Could you write out the listing below again, exactly?

> EXCERPTED RECORDS
◆ ◆ ◆ ◆ ◆
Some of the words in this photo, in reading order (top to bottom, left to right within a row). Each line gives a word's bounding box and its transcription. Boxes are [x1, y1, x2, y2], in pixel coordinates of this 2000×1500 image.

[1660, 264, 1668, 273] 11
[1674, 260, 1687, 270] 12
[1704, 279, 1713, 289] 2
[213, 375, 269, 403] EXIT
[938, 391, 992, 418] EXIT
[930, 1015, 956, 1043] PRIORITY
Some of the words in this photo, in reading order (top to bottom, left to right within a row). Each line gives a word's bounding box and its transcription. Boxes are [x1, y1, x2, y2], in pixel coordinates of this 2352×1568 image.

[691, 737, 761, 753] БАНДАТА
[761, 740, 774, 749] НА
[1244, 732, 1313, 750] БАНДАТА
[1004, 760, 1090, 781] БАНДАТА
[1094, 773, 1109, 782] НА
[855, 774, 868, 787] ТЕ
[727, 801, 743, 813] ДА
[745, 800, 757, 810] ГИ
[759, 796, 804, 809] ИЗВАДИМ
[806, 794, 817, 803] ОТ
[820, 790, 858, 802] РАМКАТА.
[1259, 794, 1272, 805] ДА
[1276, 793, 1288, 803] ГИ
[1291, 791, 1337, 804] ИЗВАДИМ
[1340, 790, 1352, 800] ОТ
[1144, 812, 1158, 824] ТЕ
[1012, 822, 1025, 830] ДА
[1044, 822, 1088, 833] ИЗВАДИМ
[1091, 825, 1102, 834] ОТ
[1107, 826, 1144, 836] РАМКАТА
◆ ◆ ◆ ◆ ◆
> OUTPUT
Some of the words in this photo, in reading order (top to bottom, left to right within a row). Each line gives a word's bounding box and its transcription. Boxes are [x1, y1, x2, y2], in pixel coordinates of this 2000×1500 image.

[1660, 264, 1668, 273] 11
[1674, 260, 1687, 270] 12
[1704, 279, 1713, 289] 2
[213, 375, 269, 403] EXIT
[938, 391, 992, 418] EXIT
[930, 1015, 956, 1043] PRIORITY
Some of the words in this photo, in reading order (top to bottom, left to right within a row). Each line gives a word's bounding box and its transcription. Boxes are [x1, y1, x2, y2], in pixel coordinates of this 2352×1568 image.

[691, 737, 761, 753] БАНДАТА
[761, 740, 774, 749] НА
[1244, 732, 1313, 750] БАНДАТА
[1004, 760, 1090, 781] БАНДАТА
[1094, 773, 1109, 782] НА
[855, 774, 868, 787] ТЕ
[727, 801, 743, 813] ДА
[745, 800, 757, 810] ГИ
[759, 796, 804, 809] ИЗВАДИМ
[806, 794, 817, 803] ОТ
[820, 790, 858, 802] РАМКАТА.
[1259, 794, 1272, 805] ДА
[1276, 793, 1288, 803] ГИ
[1291, 791, 1337, 804] ИЗВАДИМ
[1340, 790, 1352, 800] ОТ
[1144, 812, 1158, 824] ТЕ
[1012, 822, 1025, 830] ДА
[1044, 822, 1088, 833] ИЗВАДИМ
[1091, 825, 1102, 834] ОТ
[1107, 826, 1144, 836] РАМКАТА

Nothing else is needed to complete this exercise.